Advertisement

Music

Vogue party

ZEBRA KATZ & NJENA REDD FOXX with DJs MIKEQ and BLACKCAT at Black Box Theatre (1087 Queen West), Saturday (June 16), 10 pm. $12.50/$15. TW, RT, SS, PDR. See listing


After a heyday in the early ‘90s, vogue culture is back on the music press’ radar and its sound and references are seeping into dance music and, to a lesser extent, hip-hop. Acts such Blood Orange, Kim Ann Foxman, Beth Ditto, Diplo and Azealia Banks, have all dropped ballroom references or sounds into recent work.[briefbeak]

On Saturday, new school vogue DJ MikeQ and MCs Zebra Katz and Njena Redd Foxx – the duo behind the break-out runway anthemIma Read – will join Toronto’s DJ Blackcat for a party at the Black Box Theatre, a new venue below The Great Hall.

Voguing originates in a mostly gay black underground scene in New York and New Jersey in the 1970s.

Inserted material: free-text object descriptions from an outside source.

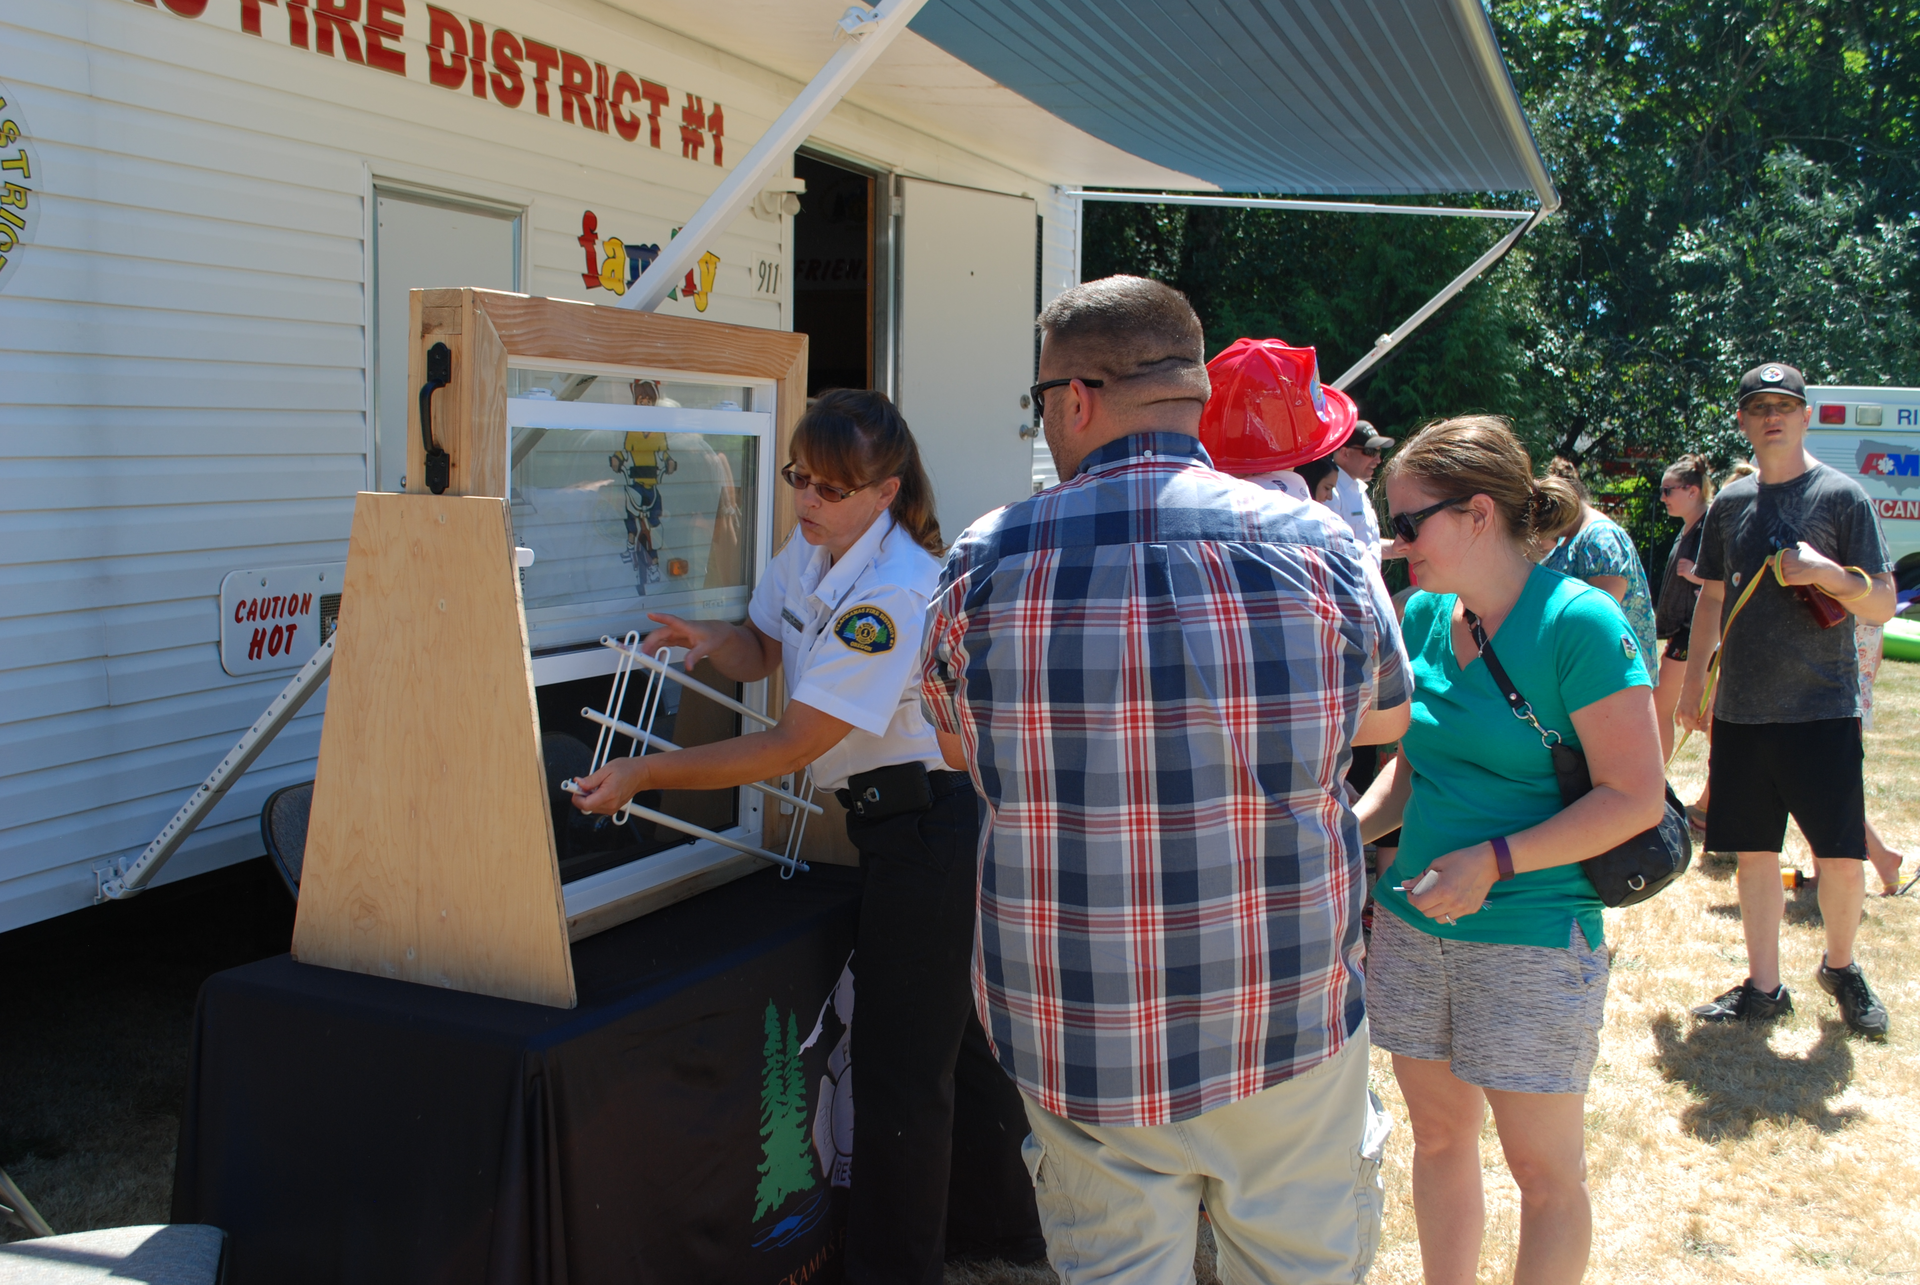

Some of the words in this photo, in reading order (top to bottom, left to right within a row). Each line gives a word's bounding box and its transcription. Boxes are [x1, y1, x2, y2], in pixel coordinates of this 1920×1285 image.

[427, 3, 670, 149] DISTRICT
[680, 92, 725, 167] #1
[577, 210, 721, 313] famy
[757, 260, 780, 295] 911
[795, 258, 867, 282] FRIEN
[234, 592, 313, 624] CAUTION
[248, 623, 298, 661] HOT
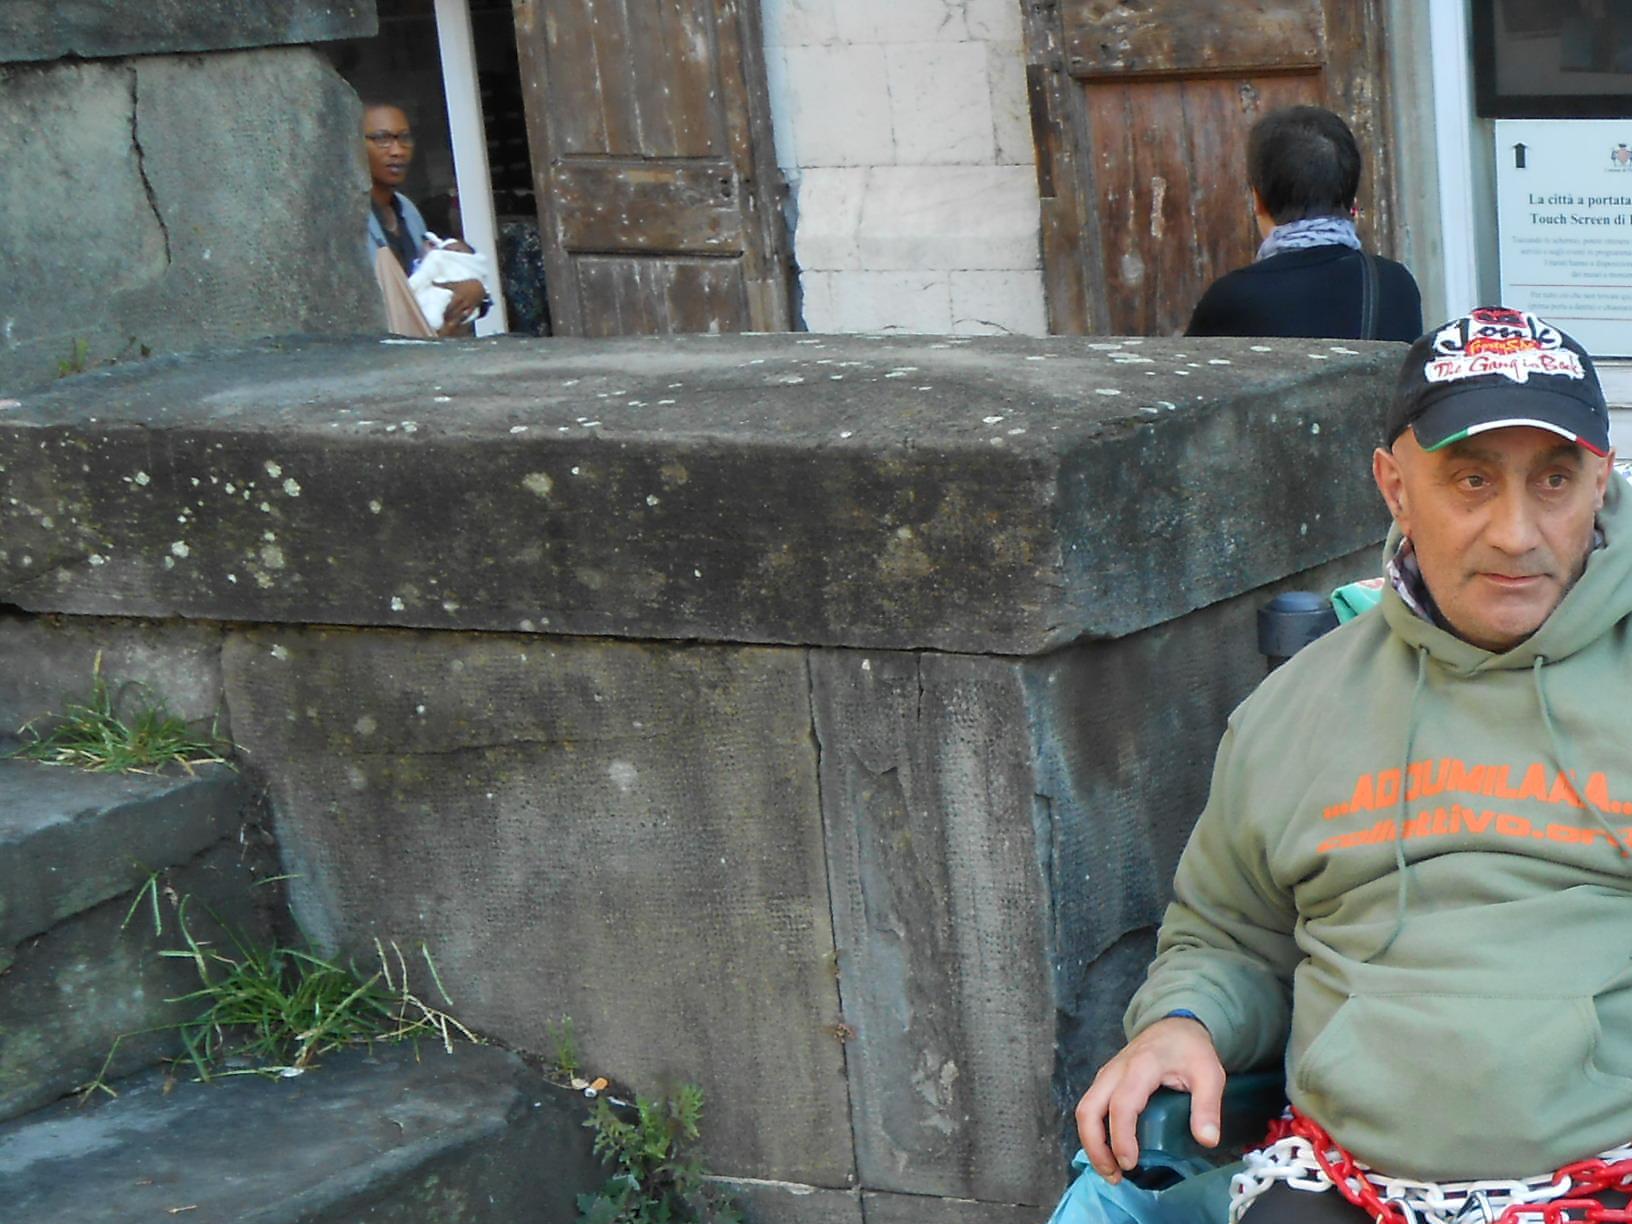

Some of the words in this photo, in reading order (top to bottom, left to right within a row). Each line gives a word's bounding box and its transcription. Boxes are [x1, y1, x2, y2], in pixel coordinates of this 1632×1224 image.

[1529, 193, 1544, 205] La
[1547, 193, 1574, 205] città
[1577, 196, 1584, 205] a
[1587, 195, 1632, 209] portata
[1530, 212, 1567, 224] Touch
[1570, 213, 1610, 225] Screen
[1613, 213, 1625, 225] di
[1434, 361, 1462, 378] The
[1469, 356, 1521, 380] Gang

It evolved from the drag queen tradition of “throwing shade,” or insulting one another, into elaborate balls where queens go head-to-head in runway competitions and dance battles.

The scene migrated to downtown clubs where Madonna picked up on it and cut the hit single Vogue in 1990. The style enjoyed mainstream attention for a few years after that and eventually returned to the underground. In Toronto, the ballroom scene has grown over the past five years thanks to crews such as the House of Monroe and the Toronto Kiki Ballroom Alliance.

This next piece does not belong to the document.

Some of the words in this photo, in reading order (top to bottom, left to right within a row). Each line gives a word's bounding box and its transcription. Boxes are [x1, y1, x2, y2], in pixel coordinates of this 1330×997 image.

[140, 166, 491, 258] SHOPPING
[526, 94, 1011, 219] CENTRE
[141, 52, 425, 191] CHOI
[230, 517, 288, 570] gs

“If I’m not DJing on a day that I usually would, I feel empty,” says MikeQ over the phone from his home in New Jersey. “I’m so used to doing it all the time it’s like I have to do it every night now. I wasn’t working last night so I did a Ustream from my house.”

The 26-year-old has weekly parties lined up almost every night of the week, including his Vogue Knights Tuesday party at the Escuelita club in Times Square and a similar one the following night in New Jersey at The Globe, the club that introduced him to the ballroom scene in 2003.

As the founder of New Jersey-based Qween Beat productions, a collective of DJs, dancers, producers and MCs, MikeQ is one the ballroom world’s rising talents. His aggressive, jagged beats are specifically tailored to competitive voguing, the form of dance that rose to prominence in the late 1980s and early 1990s and was the subject of the 1991 documentary Paris Is Burning.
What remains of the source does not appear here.